This morning I had an appointment at the surgery with the Asthma Nurse. I am going on the assumption that she is In Charge of Asthmatics & not actually inflicted with the condition herself…
I have been avoiding this appointment for the last couple of years and always see it as a small sign of victory when I successfully bag myself another inhaler whilst ignoring the orders of the receptionist to make an appointment with the Nurse.
Having lost my last inhaler at the weekend, I knew that time had run out & I couldn’t afford to be any length of time without a Ventolin fix if the prescription got refused on the grounds of me not co-operating, so I made the appointment…& I attended!
“Miss Lost in a Dream!” called the Nurse
“Hello” says I, & trotted behind her into the surgery.
“How are you feeling? I haven’t met you before have I?”
“I’m feeling great! No, I’m not familiar with you either, though I’m sorry that It’s been a couple of years now”
(I got a funny look for that last comment. I really must remember not to be so flippant at times!)
“Have you brought your notes with you?”
“Um, sorry, I forgot all about the diary thing, but don’t worry, it’s all in my head!” Actually, it’s easy.

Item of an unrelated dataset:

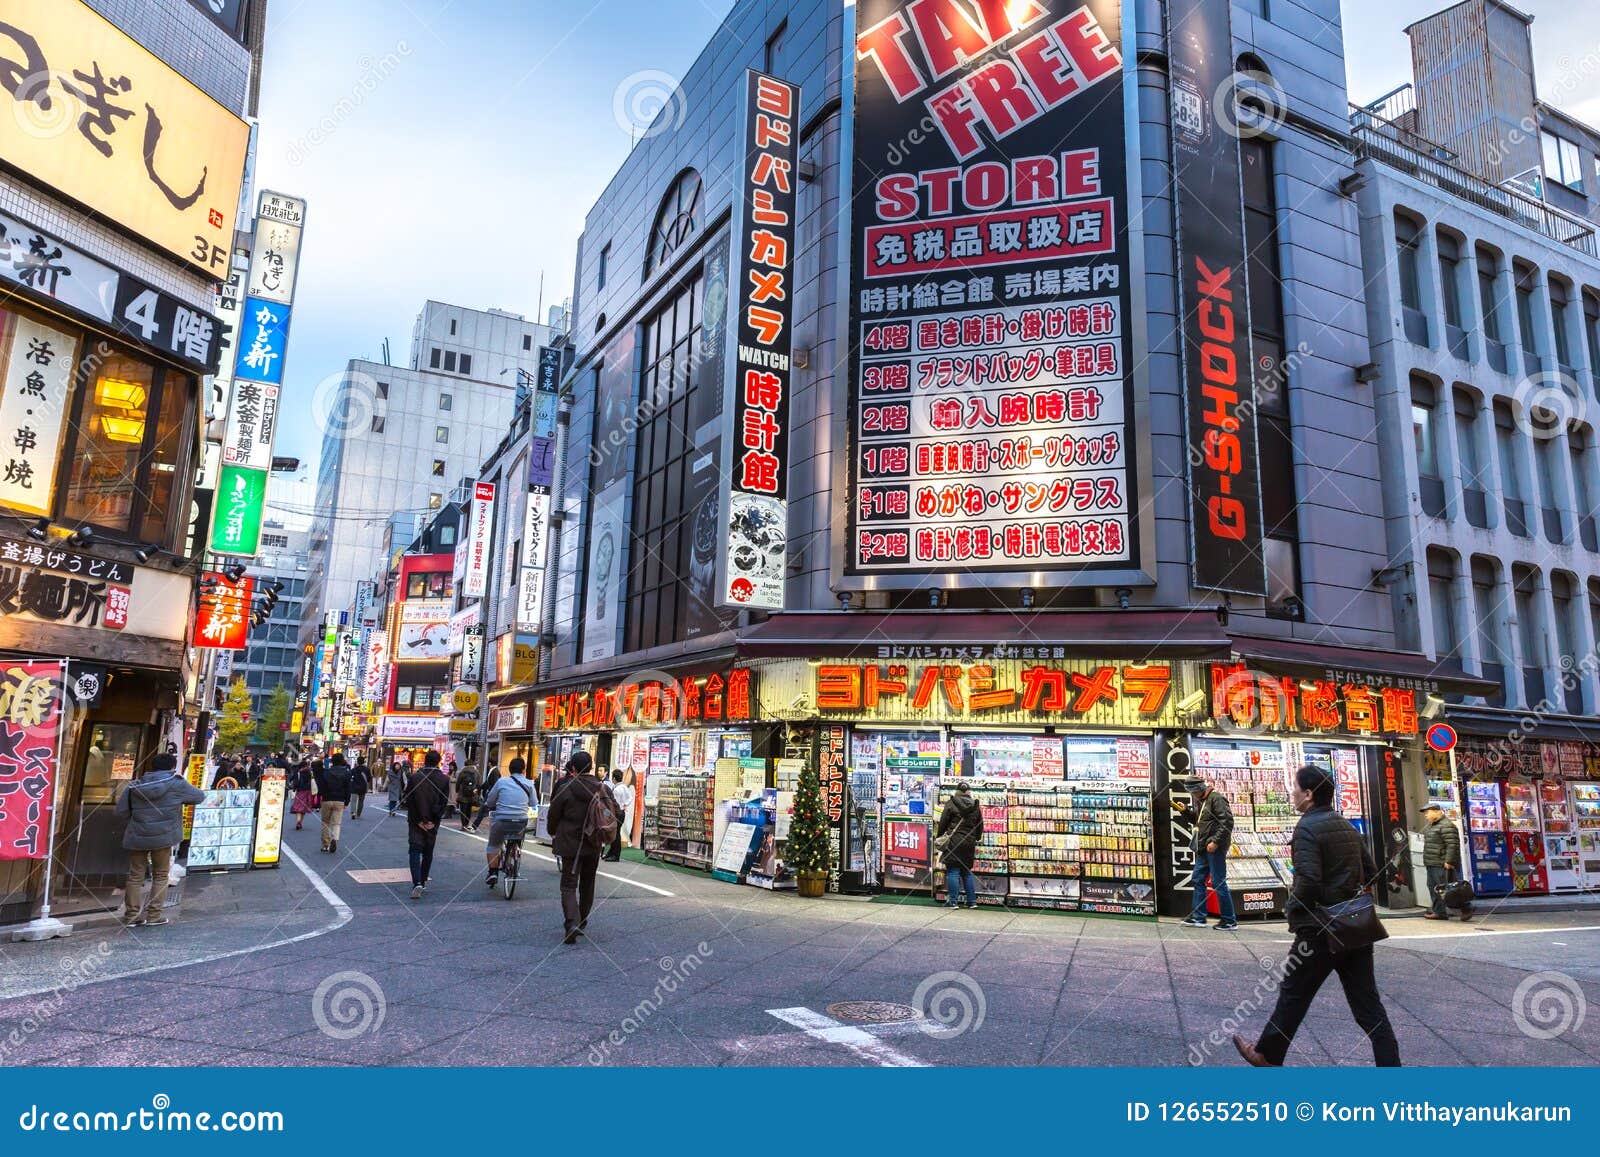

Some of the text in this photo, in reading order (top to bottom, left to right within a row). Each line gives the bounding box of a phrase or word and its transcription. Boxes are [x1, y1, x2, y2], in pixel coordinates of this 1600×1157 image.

My triggers are cold weather, dust, animals & bullshit.
“Ok, first I’ll take your blood pressure & pulse.”
Easy enough!
“Now if you’d like to hop onto the scales”
“That’s slightly higher than I’d like to see”
Bitch!
“Have you got a wee sample with you?”
“Er, no, sorry!”
Crikey! Things have moved on since my last asthma check haven’t they? I wonder what they can ascertain from that?

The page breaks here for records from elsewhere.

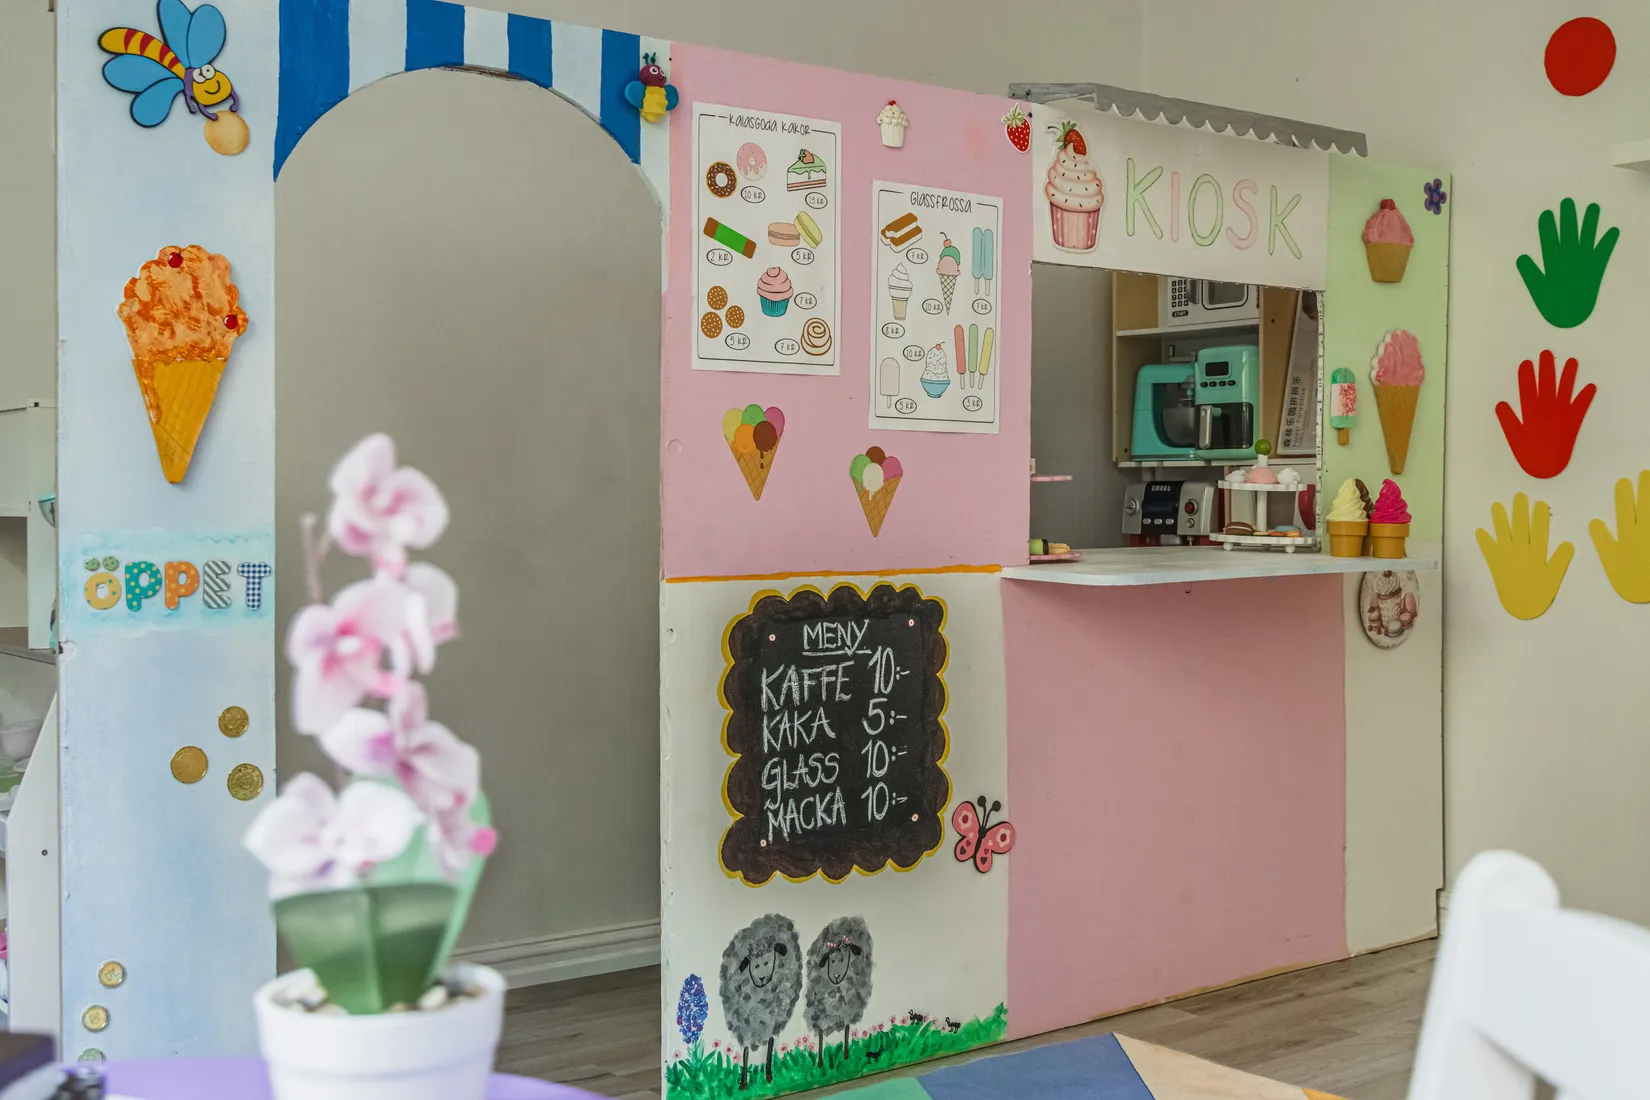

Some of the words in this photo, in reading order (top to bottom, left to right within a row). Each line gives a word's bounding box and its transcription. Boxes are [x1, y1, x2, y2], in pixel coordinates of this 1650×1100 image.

[744, 189, 752, 200] 10
[808, 196, 816, 205] 15
[1125, 157, 1302, 260] KIOSK
[710, 251, 716, 262] 2
[795, 251, 801, 261] 5
[910, 251, 915, 260] 7
[799, 296, 804, 305] 7
[925, 302, 932, 311] 10
[976, 302, 981, 311] 7
[729, 335, 736, 346] 5
[780, 342, 785, 352] 7
[906, 349, 913, 358] 10
[84, 556, 272, 612] ÖPPET
[803, 618, 870, 655] MENY
[761, 661, 855, 712] KAFFE
[867, 645, 910, 695] 10:-
[763, 706, 836, 753] KAKA
[862, 698, 907, 735] 5:-
[761, 752, 840, 802] GLASS
[765, 786, 847, 844] MACKA

She stares at me like she’s my mother. When I’ve just got home at 2am & woken everyone up.
“Sorry, which consultant are you under at the hospital?”

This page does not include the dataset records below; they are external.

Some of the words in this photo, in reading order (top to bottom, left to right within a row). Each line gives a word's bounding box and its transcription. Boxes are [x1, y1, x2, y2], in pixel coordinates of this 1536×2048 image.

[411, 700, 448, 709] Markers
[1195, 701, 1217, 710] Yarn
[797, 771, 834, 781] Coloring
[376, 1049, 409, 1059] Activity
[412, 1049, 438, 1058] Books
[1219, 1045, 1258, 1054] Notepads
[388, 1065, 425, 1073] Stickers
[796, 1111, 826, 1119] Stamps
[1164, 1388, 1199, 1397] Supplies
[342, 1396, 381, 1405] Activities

“I’m not, do I have to be? I’m absolutely fine! In fact, I took up kick-boxing in the summer, & it’s really helped.”
I have never seen a nurse’s head snap round as fast as hers did. The look of horror on her face was a picture. It’s a shame my phone was at the bottom of my bag or I would have taken a photo for you all.
“We don’t recommend anything too strenuous and certainly not contact sports! Have you thought about yoga?”
The flippant me would have said “Are you having a laugh?!” However, Nurse didn’t give me a chance to answer.
She’s looking at something on the computer.
“How many weeks are you now?”
“I’m sorry?”
She asks again.
“How many weeks pregnant are you?”
“But I’m not!” I squeak.
She looks at me.
“I am the Midwife. You are pregnant aren’t you?”
Oh. Good. God.
“No, I’m here for the Asthma Nurse…”
“Ah, that would explain why I didn’t recognise you! I’m due to see a lady with the same name as you this morning”
And then we both laughed a little too hysterically while I beat a hasty retreat back to the waiting room.
Now, I have questions regarding my time with her:
Do I look like a glowing mum-to-be?
At what point during the Internal would I have put my hand up to ask “Is this a strictly necessary part of asthma care?”
and
Do I really weigh more than a whale?
Actually, those are better not answered. I’ve been humiliated enough today.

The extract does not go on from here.